REQUIREMENT: Leave out every picture, and return exactly the lines from the line containing "Some of the text" through the end of the records below, both inclusive.

Spatial localization data:
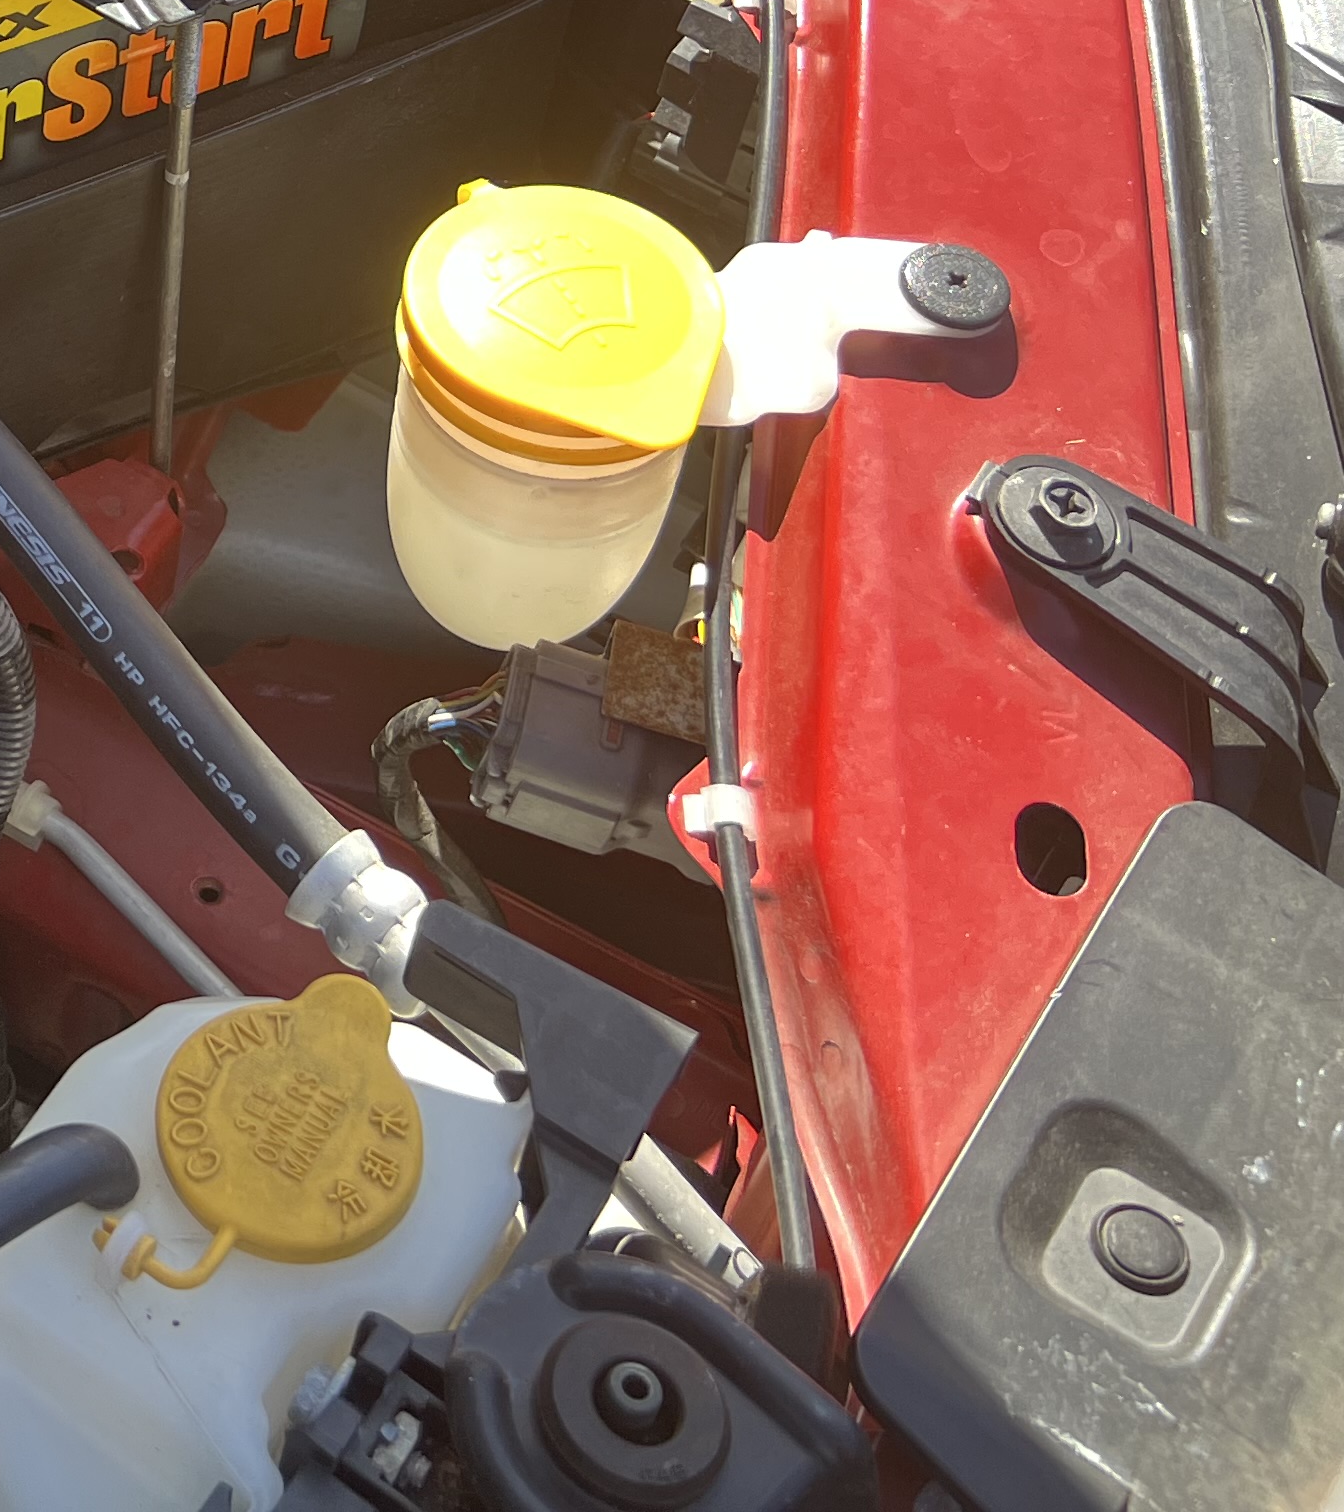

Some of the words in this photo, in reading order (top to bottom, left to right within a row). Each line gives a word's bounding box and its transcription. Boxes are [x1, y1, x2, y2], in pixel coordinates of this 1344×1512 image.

[77, 599, 106, 634] 11
[113, 650, 146, 688] HP
[148, 694, 257, 825] HFC-134a
[169, 1011, 291, 1185] COOLANT
[234, 1085, 278, 1135] SEE
[253, 1068, 321, 1165] OWNERS
[277, 1089, 349, 1183] MANUAL
[327, 1104, 410, 1223] 冷却水
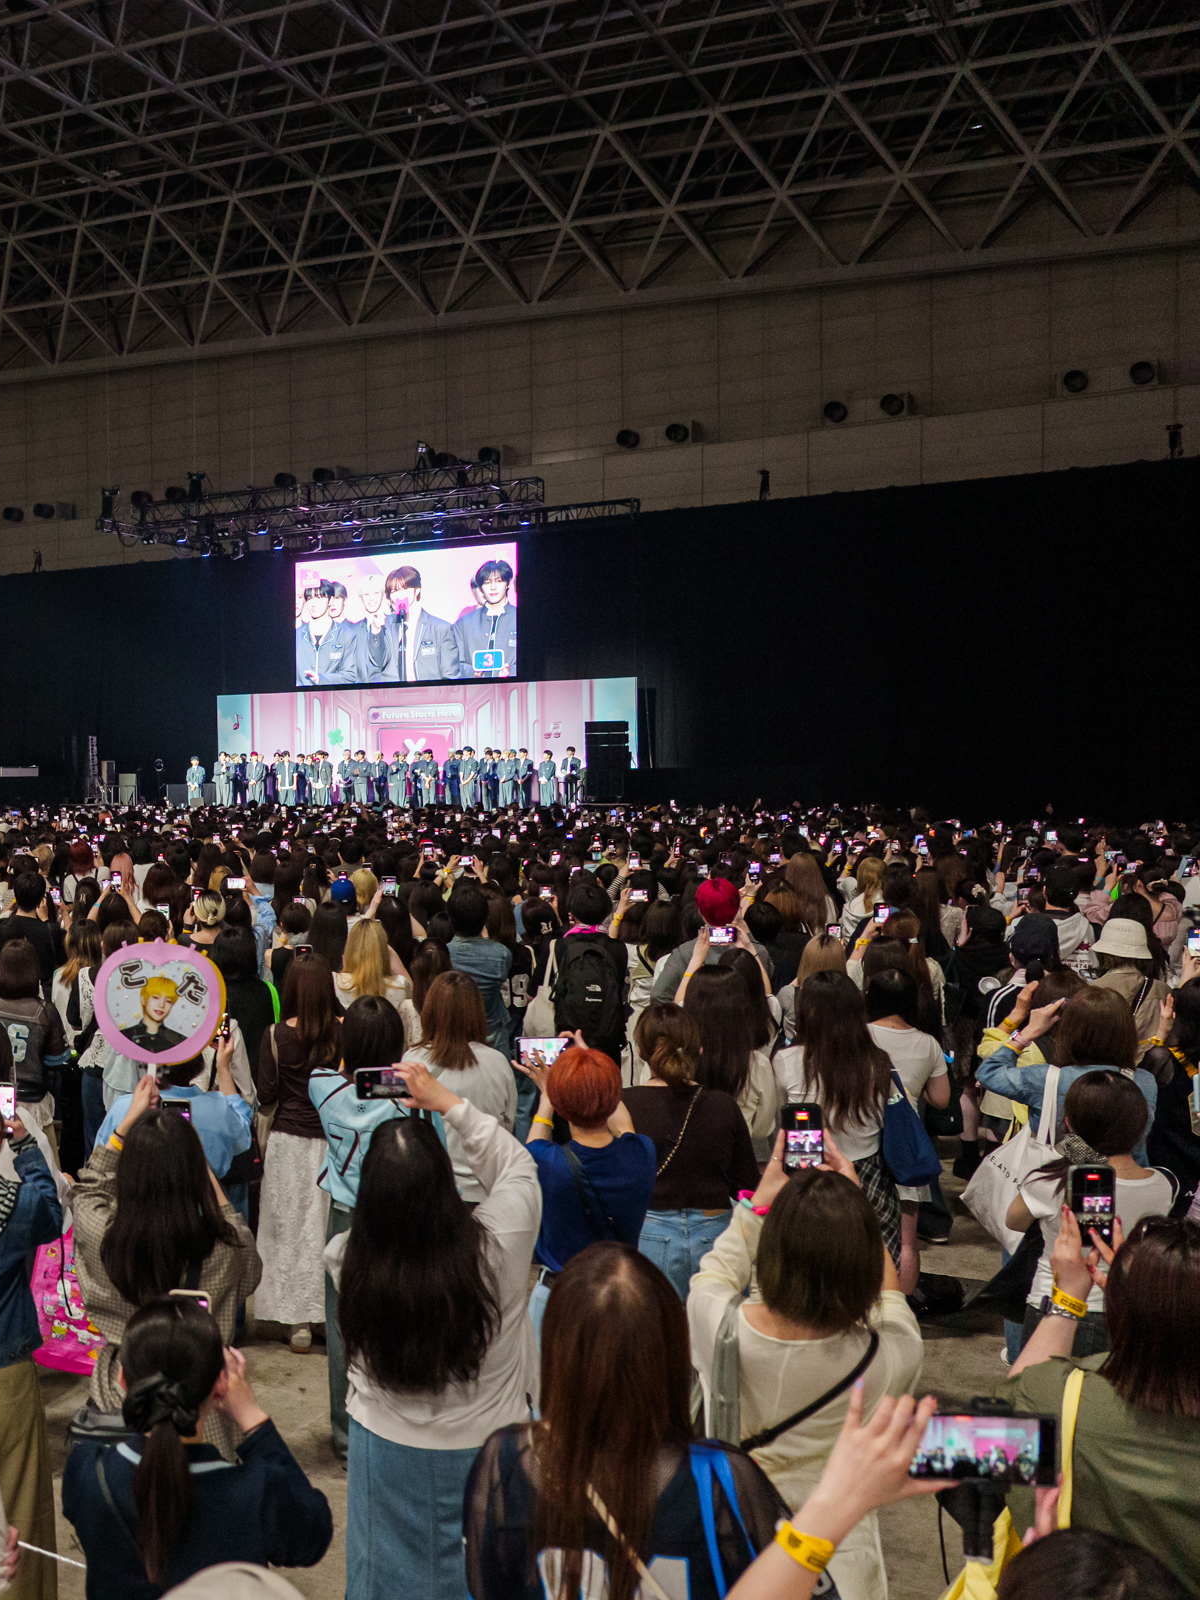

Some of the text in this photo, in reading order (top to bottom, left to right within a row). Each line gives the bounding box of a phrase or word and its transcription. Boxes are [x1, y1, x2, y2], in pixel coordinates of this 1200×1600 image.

[483, 653, 494, 667] 3
[382, 709, 458, 720] Future Starts Here
[987, 1155, 1011, 1179] ELATO
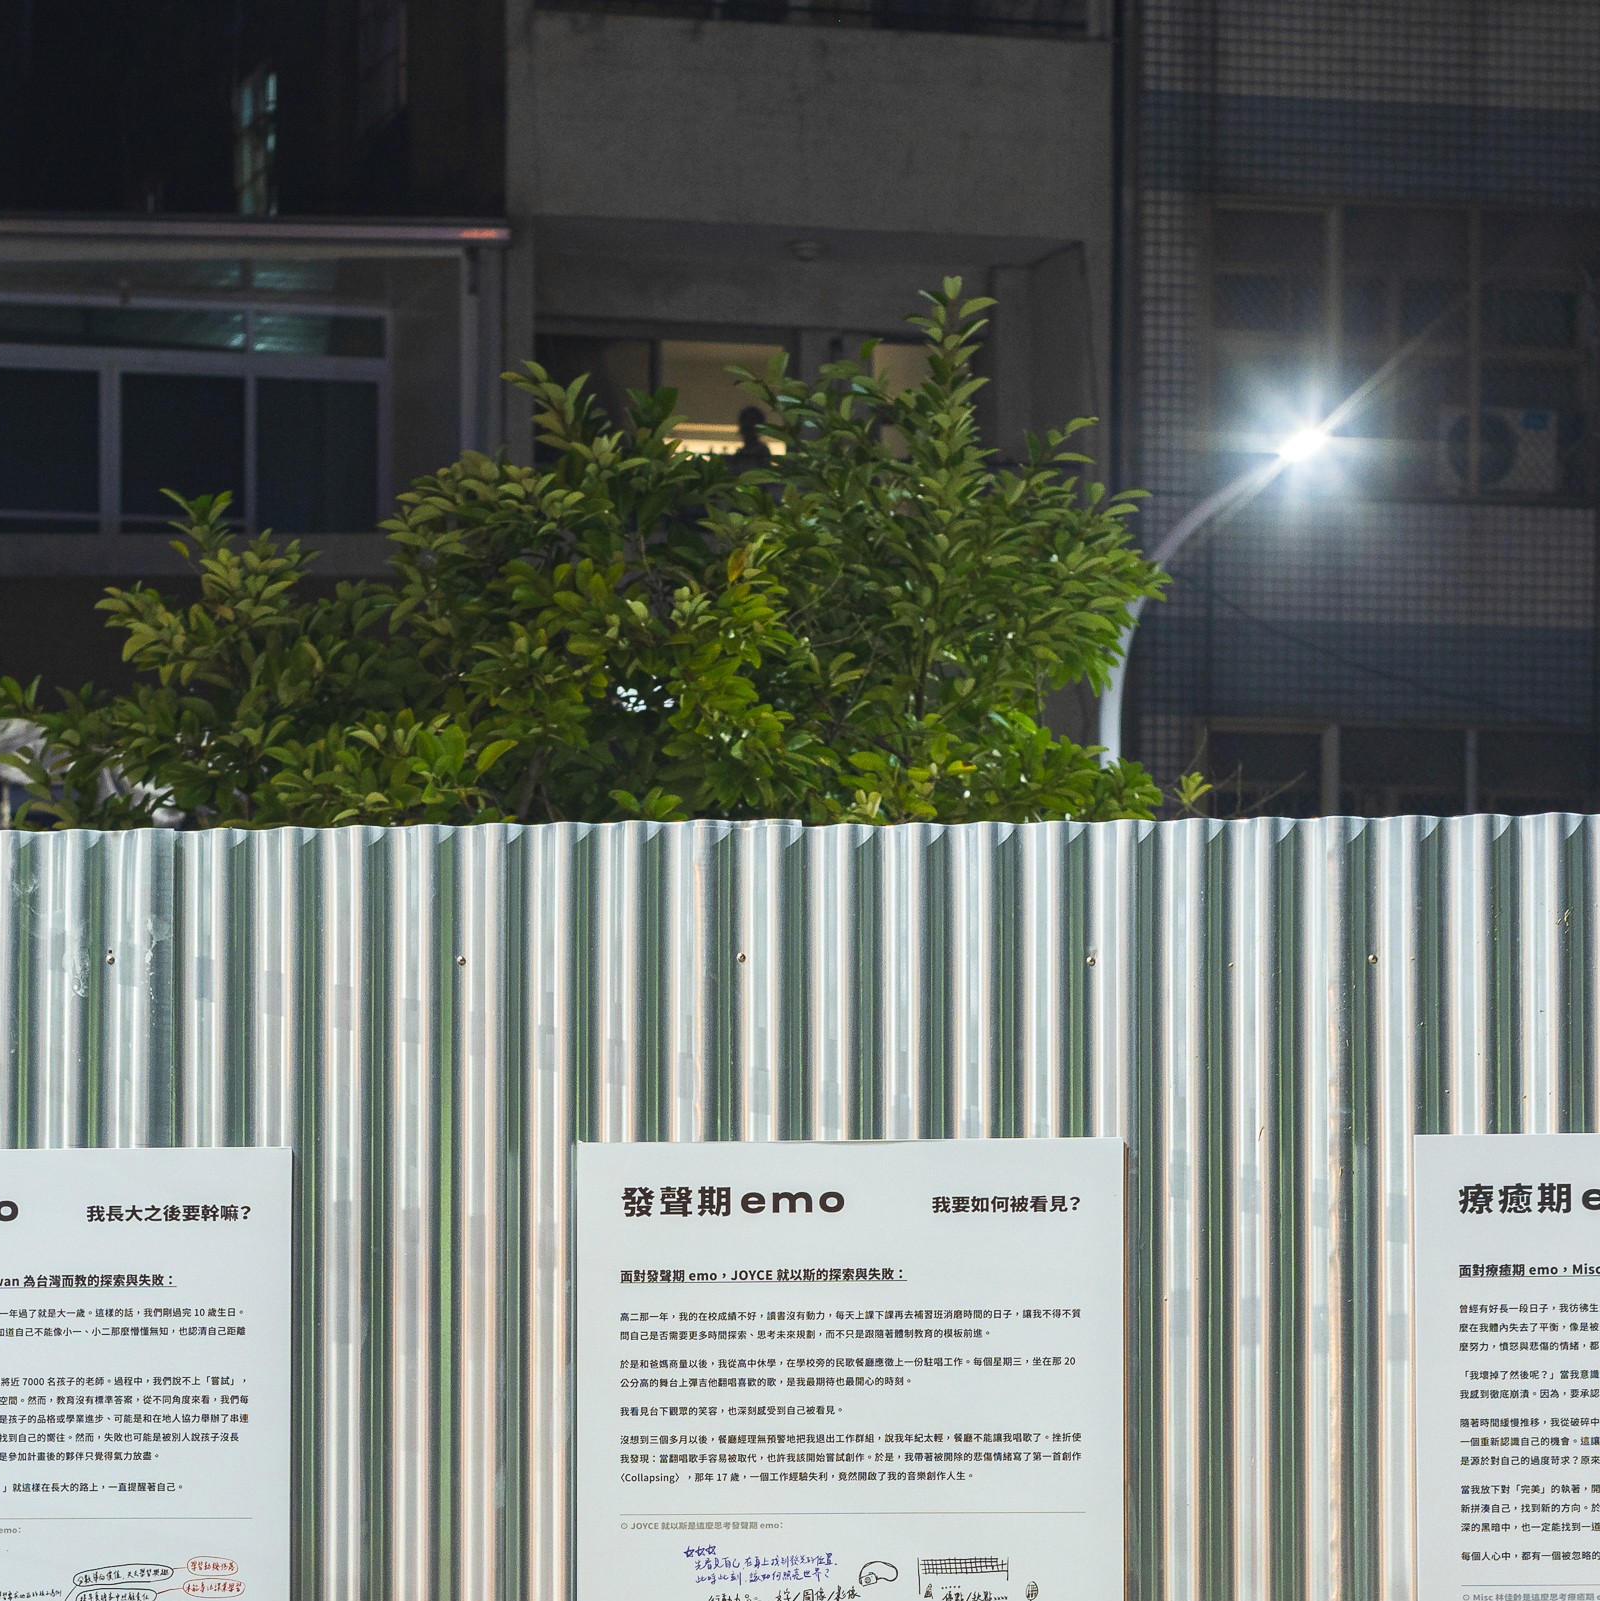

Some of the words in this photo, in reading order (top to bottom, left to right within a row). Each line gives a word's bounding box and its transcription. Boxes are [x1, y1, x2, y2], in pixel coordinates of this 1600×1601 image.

[931, 1195, 1081, 1214] 我要如何被看見？
[86, 1204, 252, 1223] 我長大之後要幹嘛？
[620, 1268, 685, 1282] 面對發聲期
[776, 1268, 905, 1282] 就以斯的探索與失敗：
[1459, 1262, 1524, 1276] 面對療癒期
[23, 1276, 175, 1289] 為台灣而教的探索與失敗：
[22, 1377, 45, 1387] 7000
[619, 1405, 843, 1417] 我看見台下觀眾的笑容，也深刻感受到自己被看見。
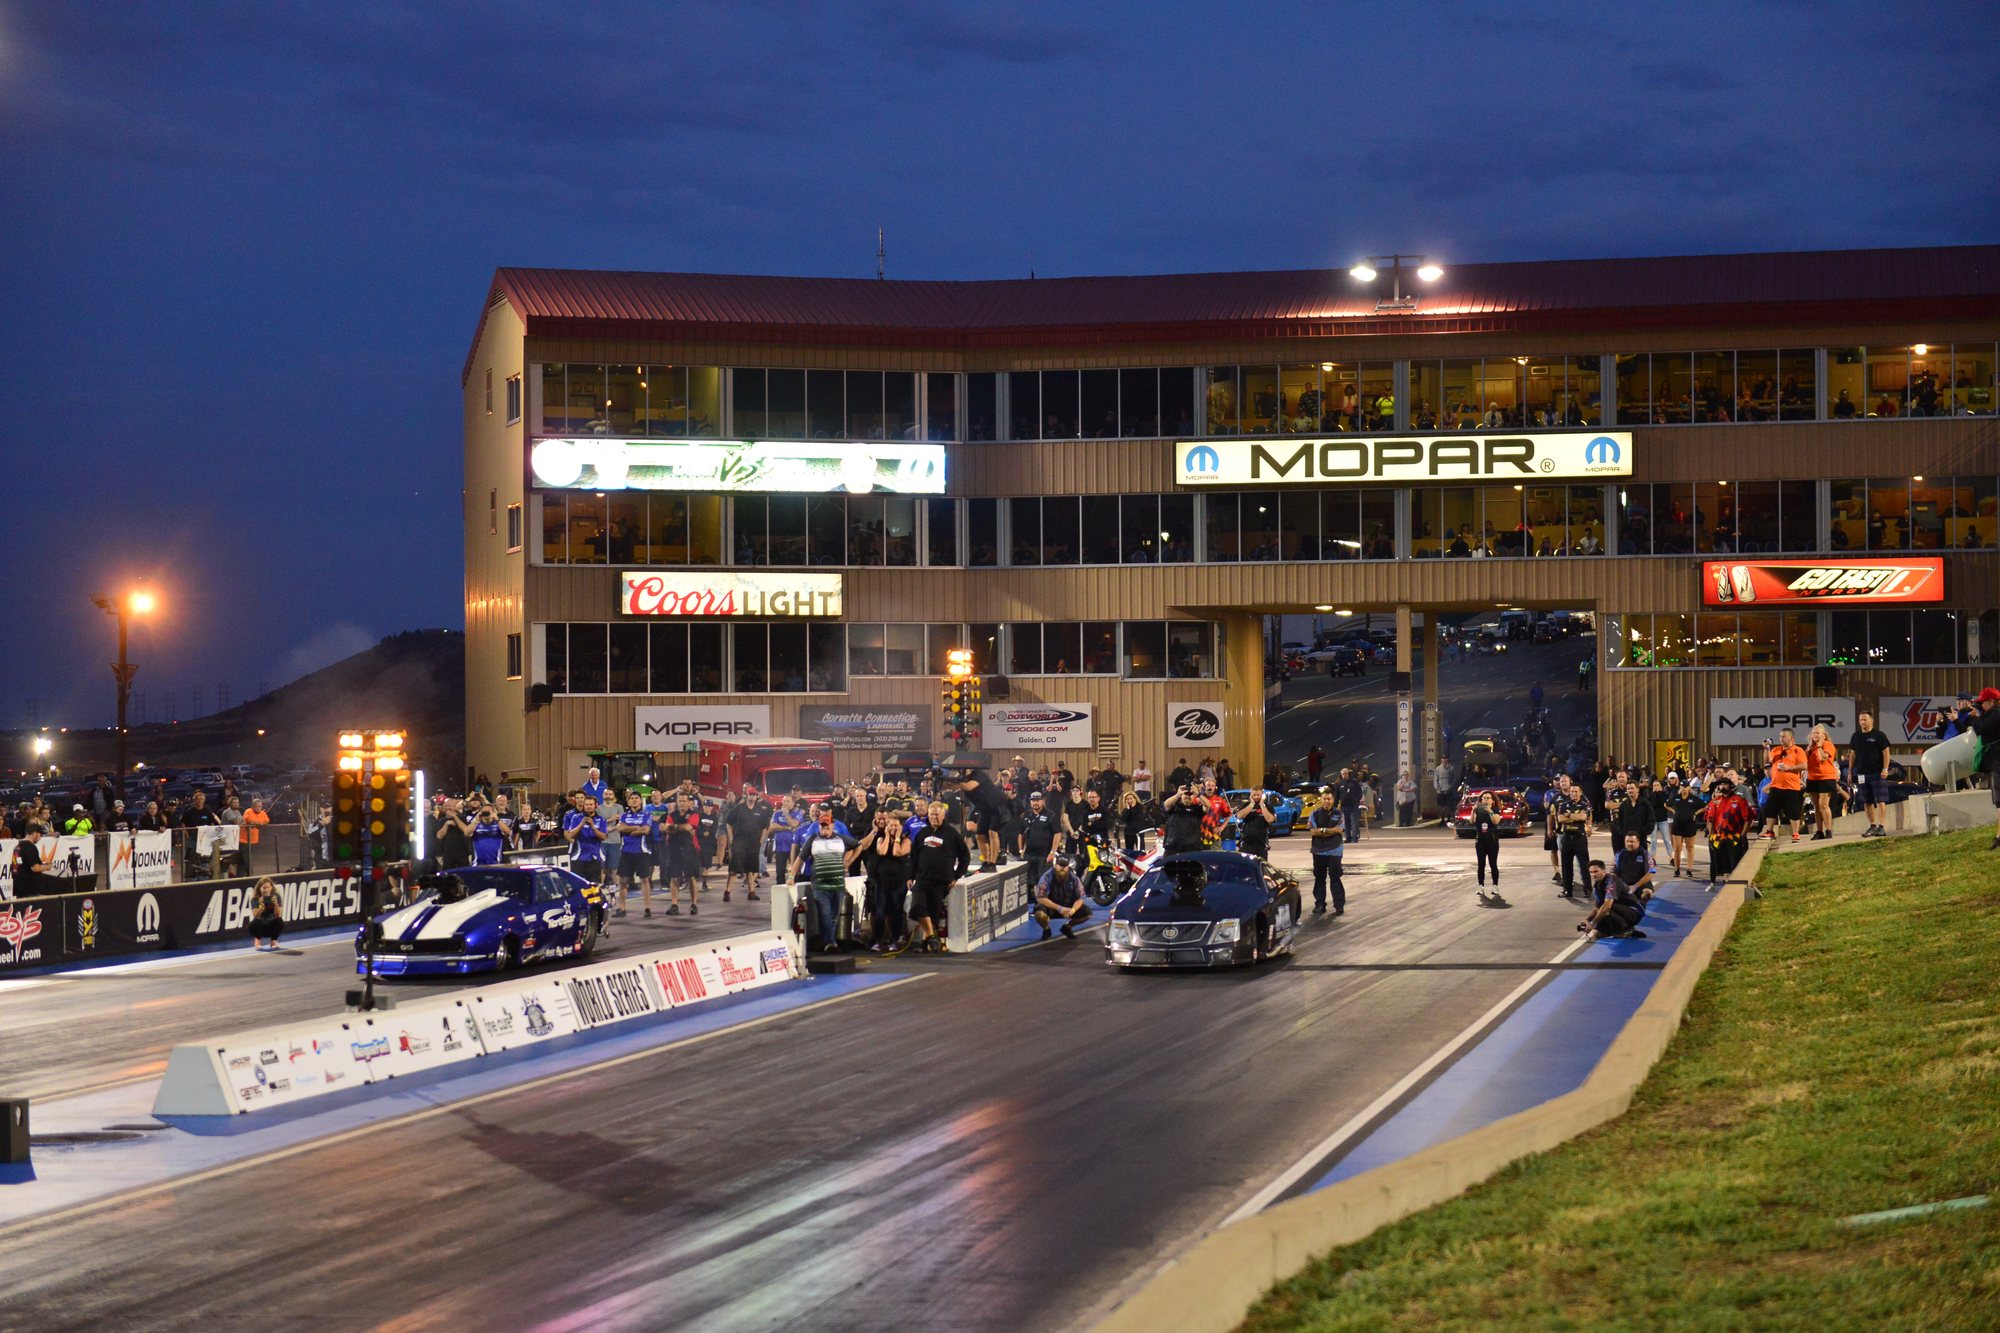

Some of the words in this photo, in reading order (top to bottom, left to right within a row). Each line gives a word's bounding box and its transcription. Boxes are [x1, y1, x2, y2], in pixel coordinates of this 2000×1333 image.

EXERCISE OUTPUT:
Some of the text in this photo, in reading order (top to bottom, left to right within a row). Each line gives the bounding box of a phrase or word and its transcription. Boxes are [x1, y1, x2, y2], in pixel coordinates of this 1200×1600 image.

[483, 653, 494, 667] 3
[382, 709, 458, 720] Future Starts Here
[987, 1155, 1011, 1179] ELATO

Some of the words in this photo, in reading order (top to bottom, left to right within a row). Each line gives a word's bounding box and its transcription. Boxes are [x1, y1, x2, y2], in pixel coordinates of this 1600×1601 image.

[931, 1195, 1081, 1214] 我要如何被看見？
[86, 1204, 252, 1223] 我長大之後要幹嘛？
[620, 1268, 685, 1282] 面對發聲期
[776, 1268, 905, 1282] 就以斯的探索與失敗：
[1459, 1262, 1524, 1276] 面對療癒期
[23, 1276, 175, 1289] 為台灣而教的探索與失敗：
[22, 1377, 45, 1387] 7000
[619, 1405, 843, 1417] 我看見台下觀眾的笑容，也深刻感受到自己被看見。

Some of the words in this photo, in reading order (top to bottom, left to right within a row). Each line gives a word's bounding box and its transcription. Boxes are [x1, y1, x2, y2], in pixel coordinates of this 2000×1333 image.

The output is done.